ABSTRACT

Lincoln’s native style – the one that he mastered fi rst and perhaps most completely – was the frontier stump. In political gatherings and frontier courtrooms throughout Illinois, he excelled. But Lincoln worked to master other styles as well. Lincoln studied oratory through models. His cousin Dennis Hanks reported the teenage Lincoln, after attending church, amused his peers by repeating the sermon from a wilderness stump (Herndon & Weik, 1888/2006, p. 104). We know he borrowed The Kentucky Preceptor (Donald, 1995, p. 30; Berry, 1943, p. 834) and The Columbian Orator (Cmiel, 1990, p. 59) to study historical examples. Then he experimented.
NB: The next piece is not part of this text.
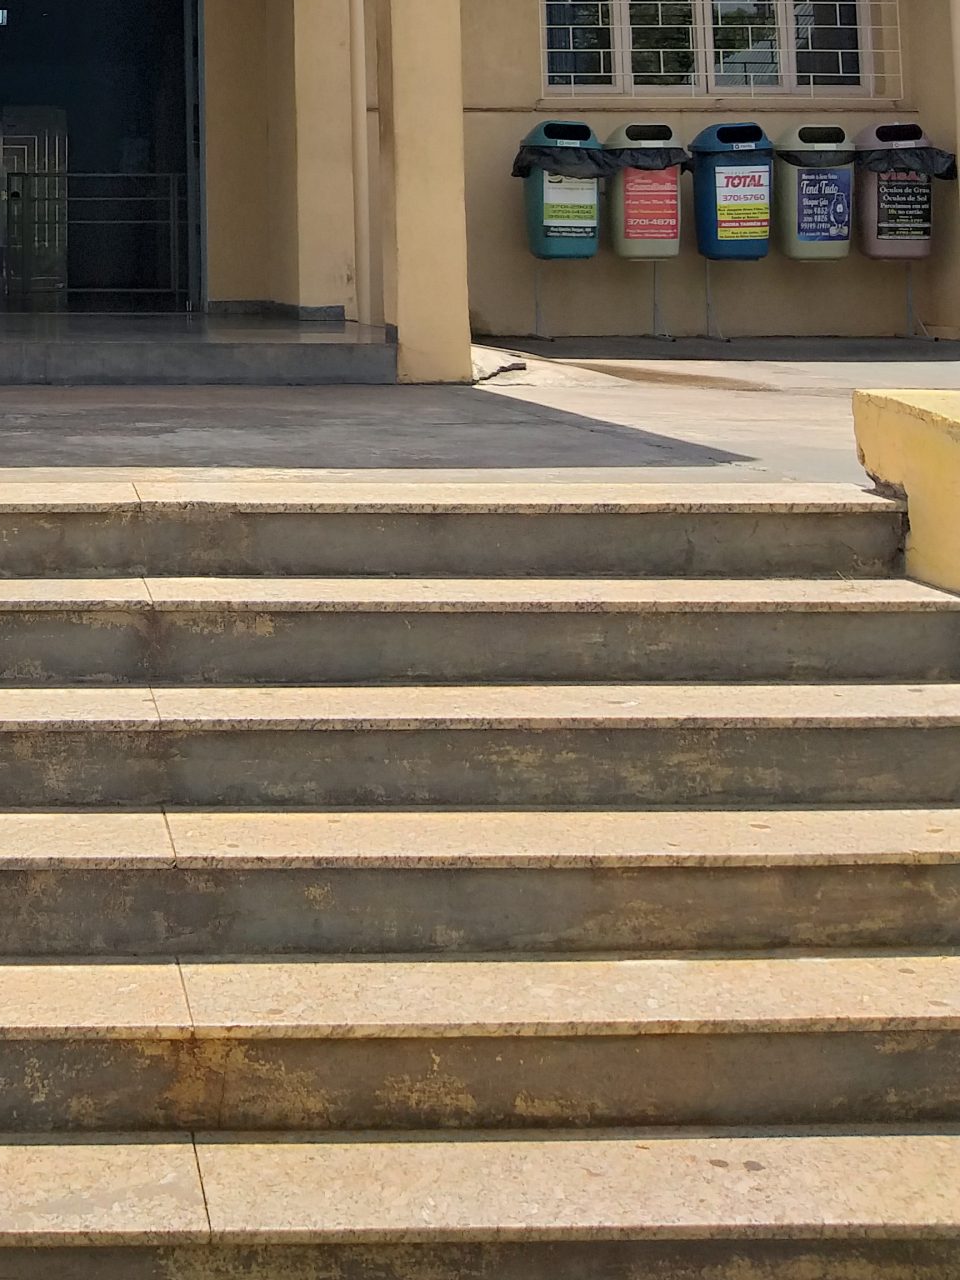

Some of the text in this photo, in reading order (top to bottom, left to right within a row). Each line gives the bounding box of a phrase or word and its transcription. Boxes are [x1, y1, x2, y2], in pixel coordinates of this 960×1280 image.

His 1838 “The Perpetuation of Our Political Institutions” (Lincoln, 1838/1953, Vol. I, pp. 108-115) is much admired by conservatives today for its theme, but as an attempt at the high epideictic style there is little to admire. When Lincoln penned his public lecture “On Discoveries and Inventions” (Lincoln, 1858/1953, Vol. II, pp. 437-442) around 1858, he sought to exploit political celebrity to earn lecture fees for lyceum-style speaking. He gave the lecture an undetermined but small number of times in central Illinois before turning down further requests with a note that “I am not a professional lecturer” (Lincoln, 1860/1953, Vol. IV, p. 39). His law partner and biographer William Herndon agreed: “If his address in 1852, over the death of Clay, proved that he was no eulogist, then [the ‘Inventions’ speech] demonstrated that he was no lecturer” (Herndon & Weik, 1888/2006, p. 271). These efforts, spread over the years of his youth and into early middle age, present a Lincoln seeking to master the speaking arts of his day with mixed success.